___ SOURCE DATA

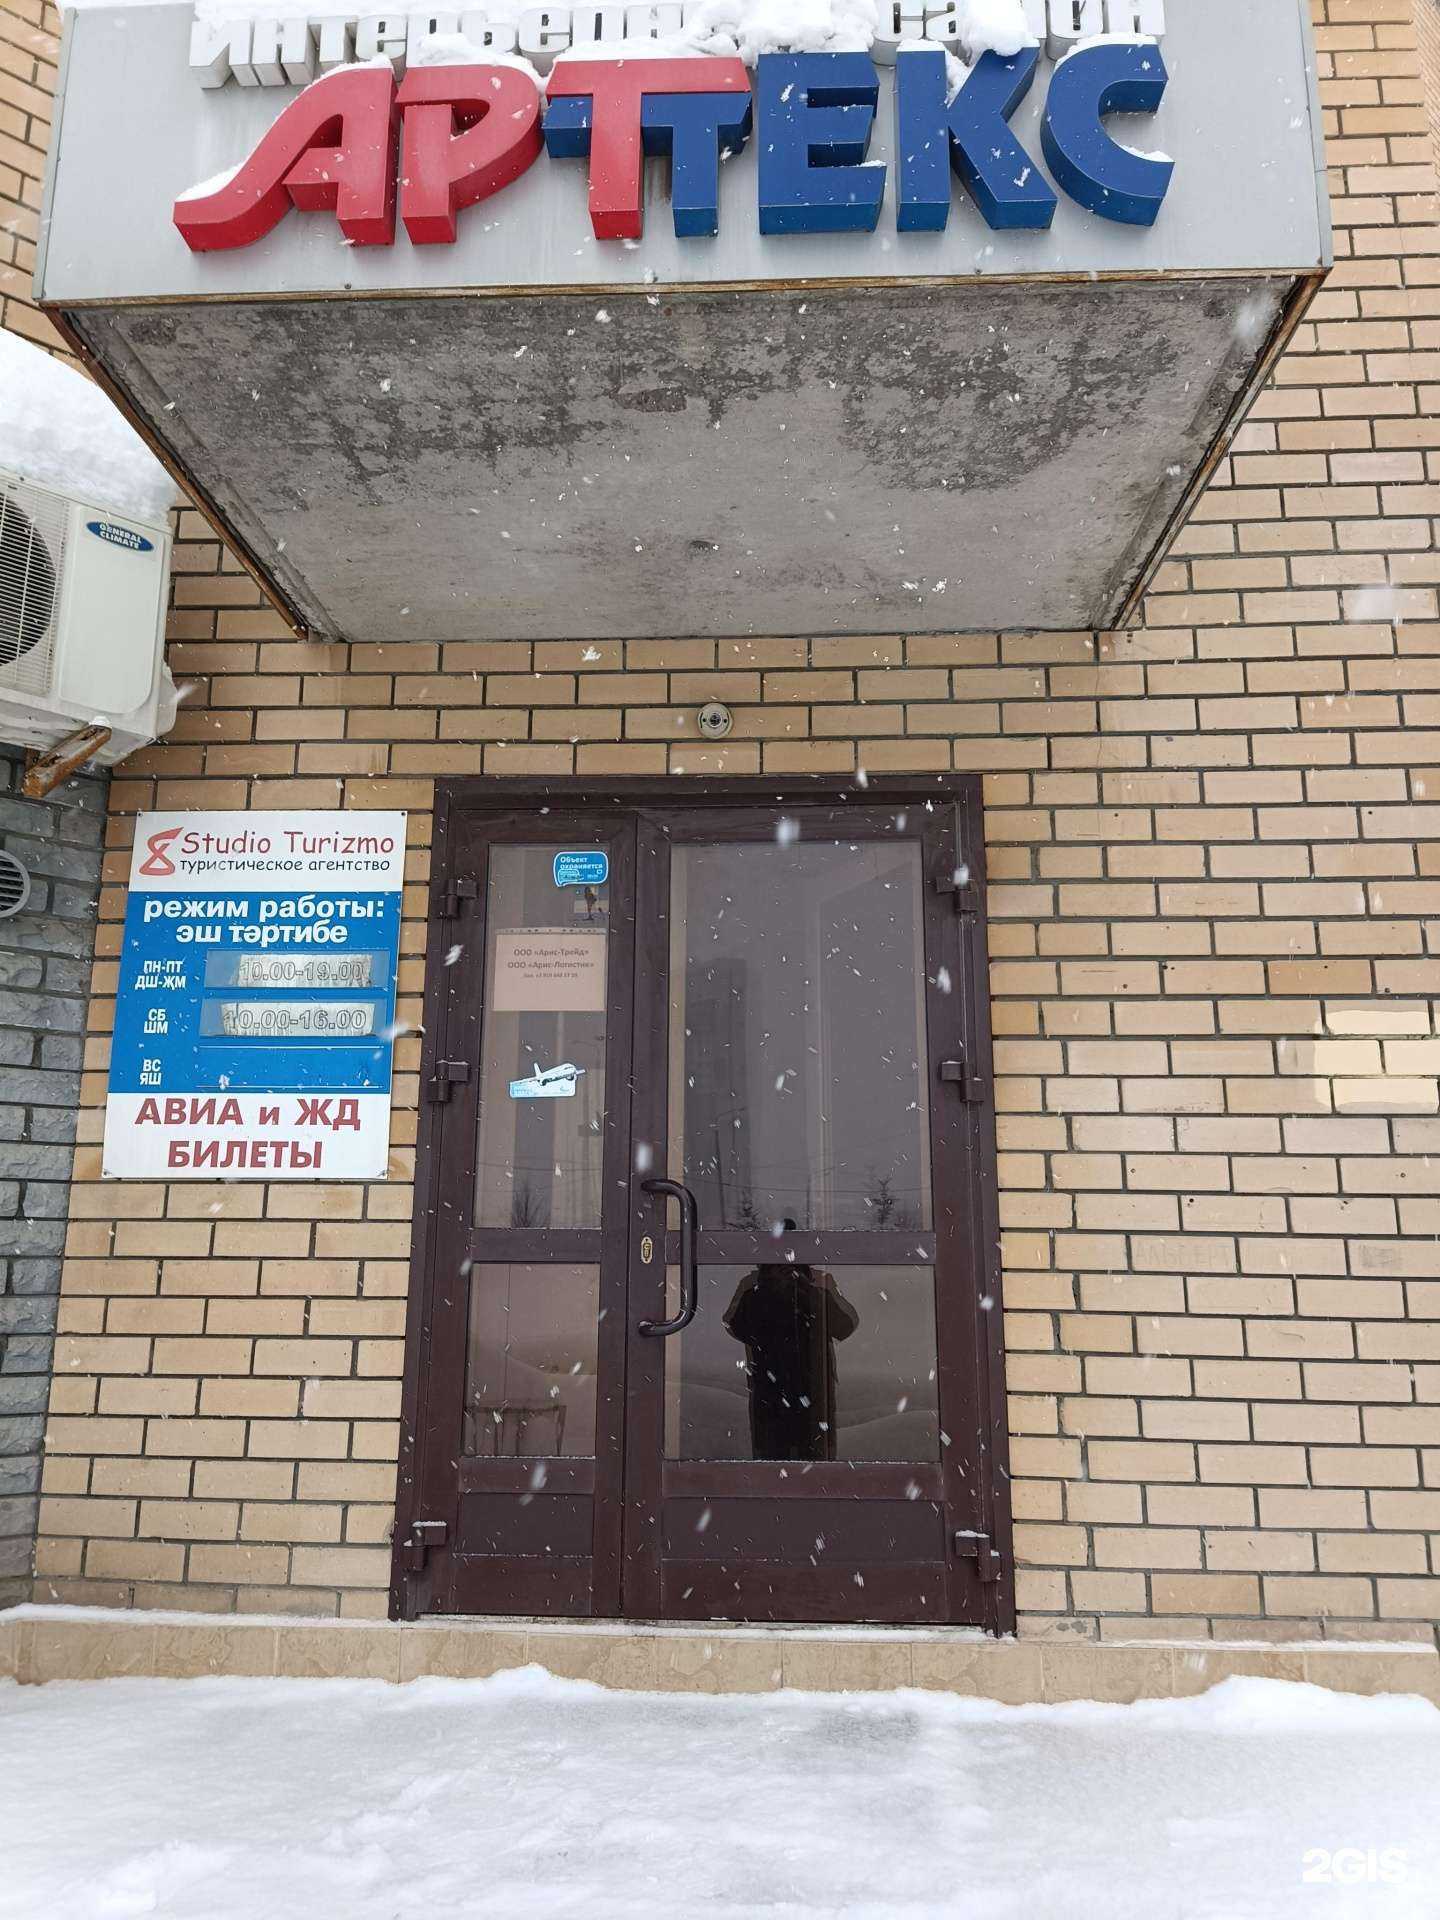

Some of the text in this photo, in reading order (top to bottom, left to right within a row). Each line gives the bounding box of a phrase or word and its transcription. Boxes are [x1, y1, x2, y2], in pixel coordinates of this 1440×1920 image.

[99, 522, 142, 544] GENERAL
[100, 530, 140, 549] CLIMATE
[181, 831, 394, 854] Studio Turizmo
[180, 858, 391, 877] туристическое агентство
[144, 894, 384, 922] режим работы:
[176, 919, 349, 948] эш тәртибе
[143, 959, 184, 974] ПН-ПТ
[240, 961, 365, 981] 10.00-19.00
[147, 1008, 167, 1021] СБ
[223, 1009, 367, 1030] 10.00-16.00
[144, 1020, 168, 1034] ШМ
[142, 1059, 162, 1072] ВС
[139, 1072, 162, 1086] ЯШ
[134, 1098, 361, 1131] АВИА и ЖД
[167, 1140, 323, 1169] БИЛЕТЫ
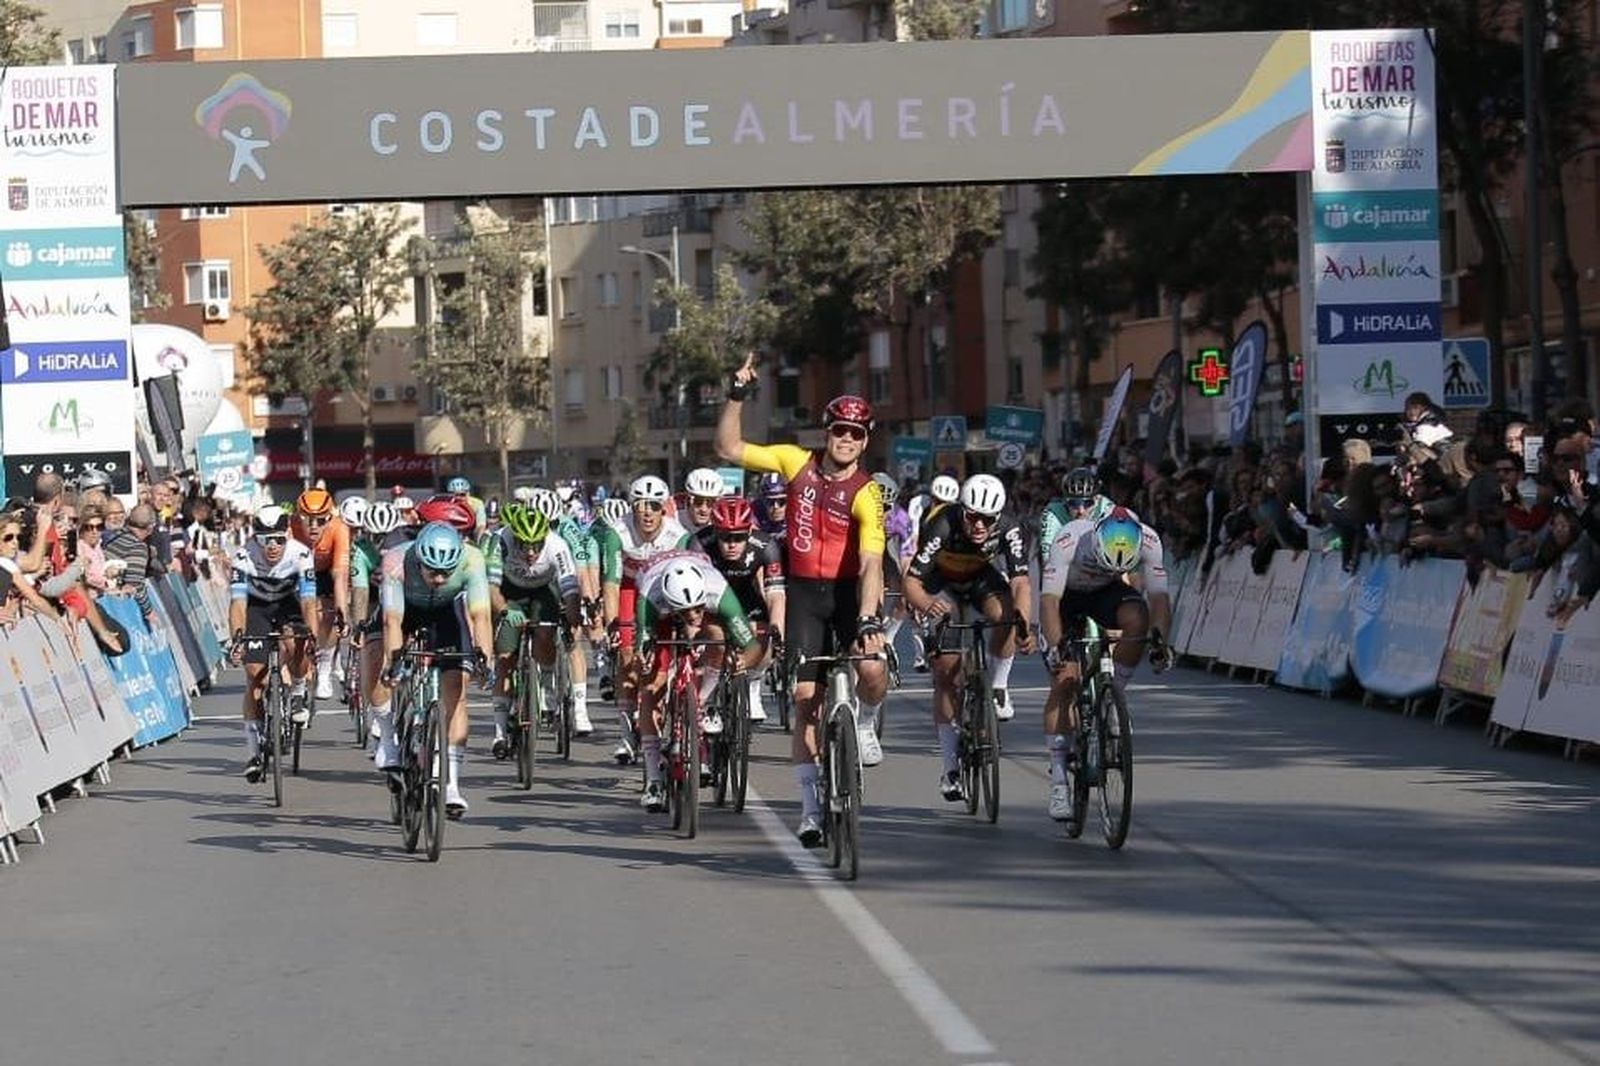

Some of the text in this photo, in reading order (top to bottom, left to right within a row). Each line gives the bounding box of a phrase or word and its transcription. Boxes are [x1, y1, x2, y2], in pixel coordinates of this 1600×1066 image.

[1331, 41, 1415, 62] ROQUETAS
[11, 76, 98, 99] ROQUETAS
[1322, 89, 1415, 110] turismo
[4, 125, 96, 148] turismo
[1353, 205, 1431, 229] cajamar
[38, 242, 116, 267] cajamar
[20, 462, 117, 475] VOLVO
[793, 486, 816, 552] Cofidis
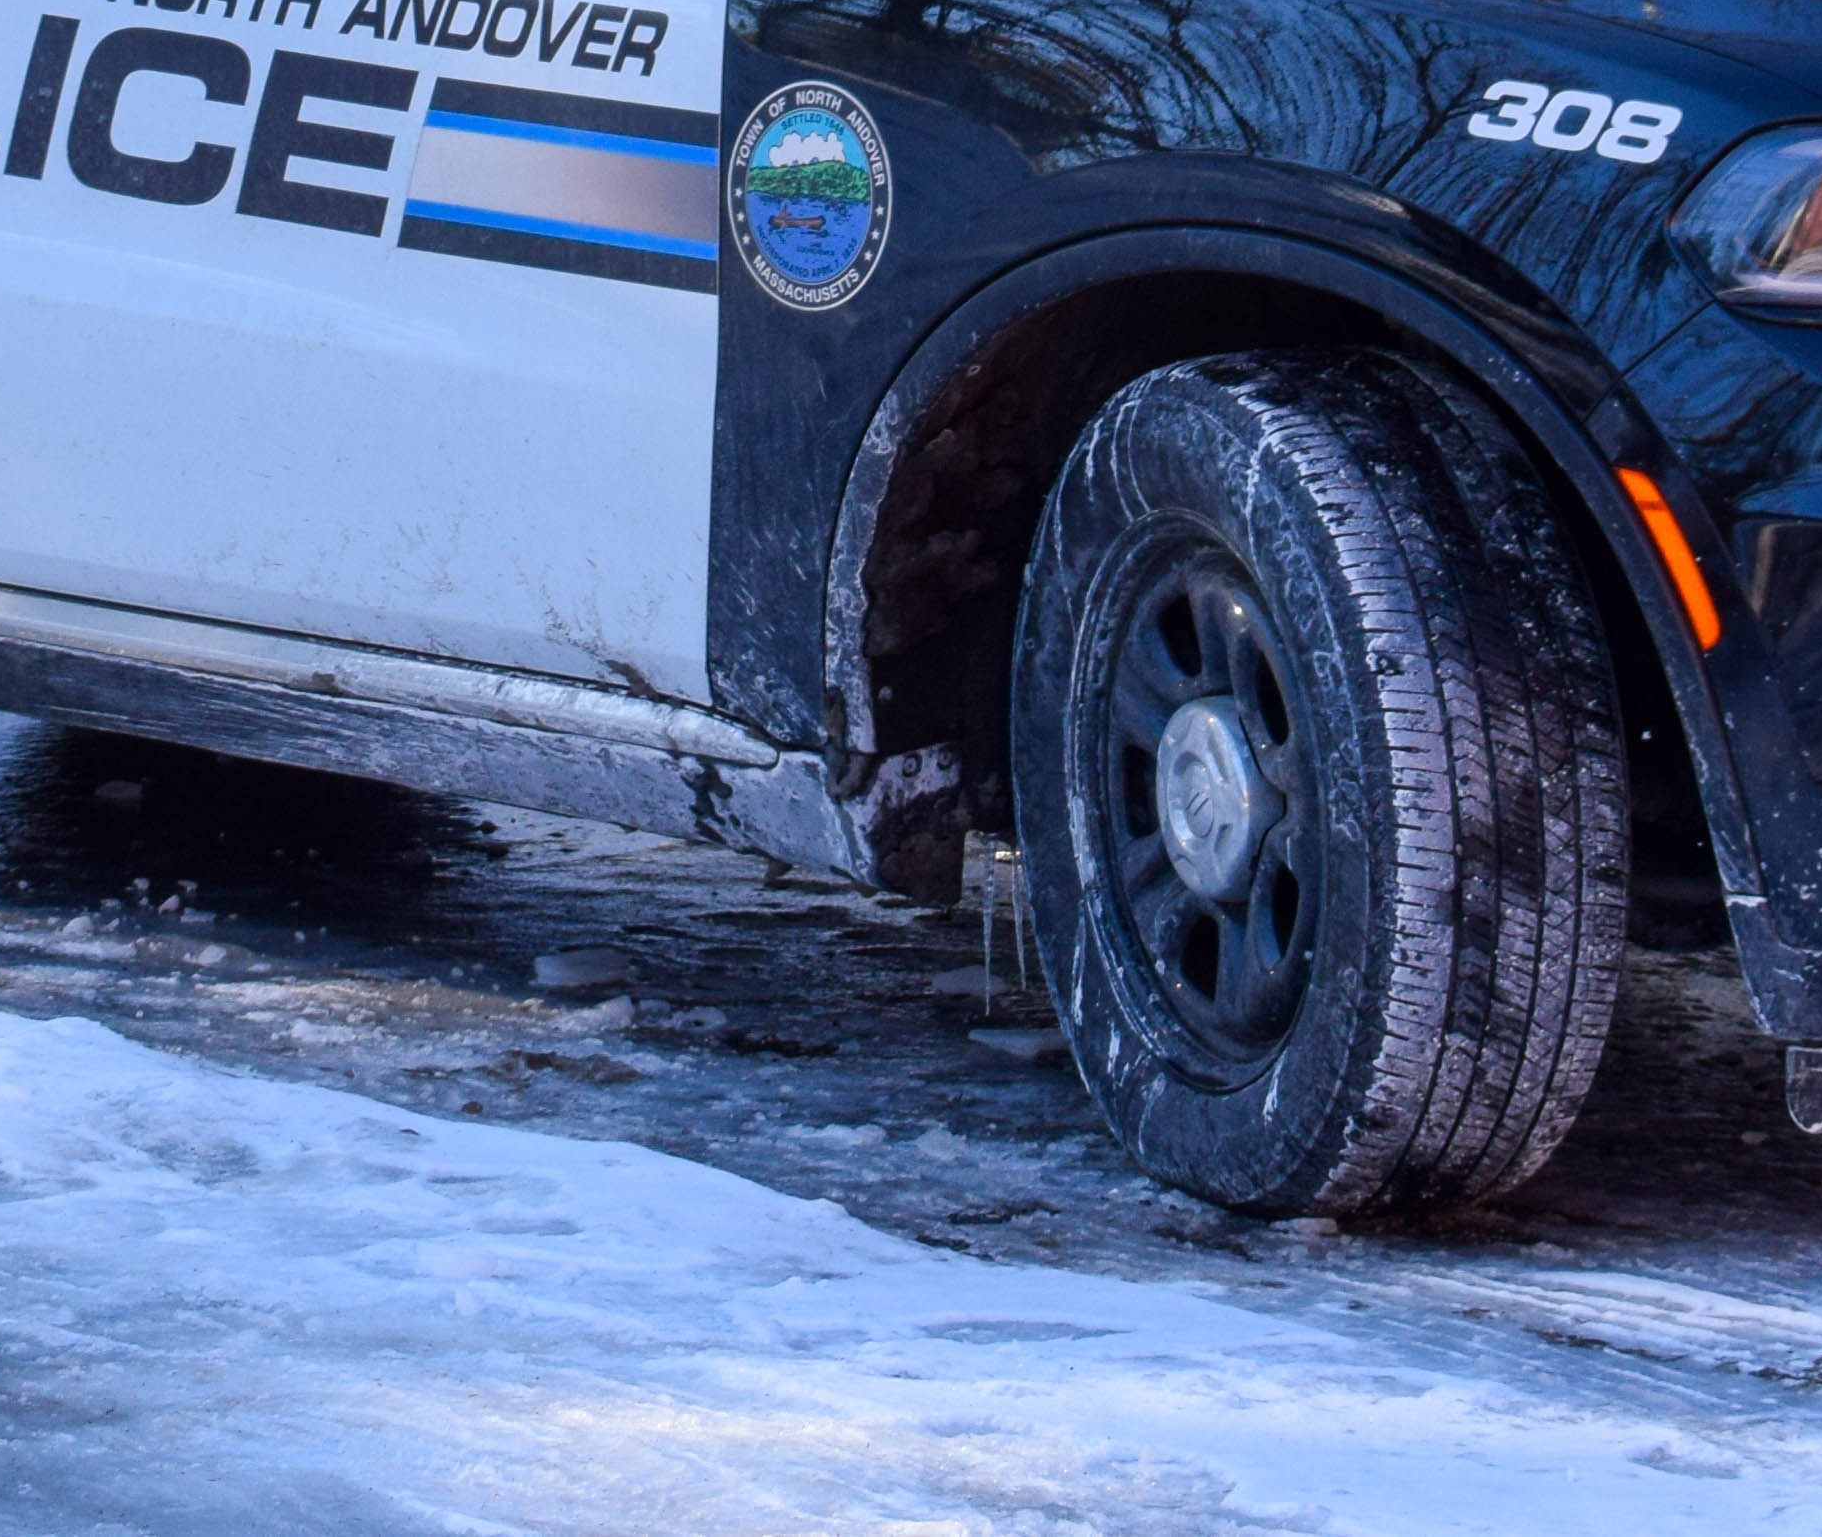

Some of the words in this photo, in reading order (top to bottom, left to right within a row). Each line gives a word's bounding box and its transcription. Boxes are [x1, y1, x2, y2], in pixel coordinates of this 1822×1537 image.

[736, 119, 764, 167] TOWN
[768, 97, 787, 118] OF
[795, 89, 842, 112] NORTH
[846, 110, 886, 187] ANDOVER
[1467, 79, 1683, 164] 308
[752, 255, 861, 303] MASSACHUSETTS

______

**TASK**
Nothing but the listing, copied exactly and stripped of its images, should appear in the response.

**EXERCISE ANSWER**
Some of the text in this photo, in reading order (top to bottom, left to right within a row). Each line gives the bounding box of a phrase or word and its transcription. Boxes are [x1, y1, x2, y2], in pixel coordinates of this 1440×1920 image.

[99, 522, 142, 544] GENERAL
[100, 530, 140, 549] CLIMATE
[181, 831, 394, 854] Studio Turizmo
[180, 858, 391, 877] туристическое агентство
[144, 894, 384, 922] режим работы:
[176, 919, 349, 948] эш тәртибе
[143, 959, 184, 974] ПН-ПТ
[240, 961, 365, 981] 10.00-19.00
[147, 1008, 167, 1021] СБ
[223, 1009, 367, 1030] 10.00-16.00
[144, 1020, 168, 1034] ШМ
[142, 1059, 162, 1072] ВС
[139, 1072, 162, 1086] ЯШ
[134, 1098, 361, 1131] АВИА и ЖД
[167, 1140, 323, 1169] БИЛЕТЫ

Some of the text in this photo, in reading order (top to bottom, left to right within a row). Each line gives the bounding box of a phrase or word and its transcription. Boxes are [x1, y1, x2, y2], in pixel coordinates of this 1600×1066 image.

[1331, 41, 1415, 62] ROQUETAS
[11, 76, 98, 99] ROQUETAS
[1322, 89, 1415, 110] turismo
[4, 125, 96, 148] turismo
[1353, 205, 1431, 229] cajamar
[38, 242, 116, 267] cajamar
[20, 462, 117, 475] VOLVO
[793, 486, 816, 552] Cofidis

Some of the words in this photo, in reading order (top to bottom, left to right within a row). Each line gives a word's bounding box and its transcription. Boxes are [x1, y1, x2, y2], in pixel coordinates of this 1822×1537 image.

[736, 119, 764, 167] TOWN
[768, 97, 787, 118] OF
[795, 89, 842, 112] NORTH
[846, 110, 886, 187] ANDOVER
[1467, 79, 1683, 164] 308
[752, 255, 861, 303] MASSACHUSETTS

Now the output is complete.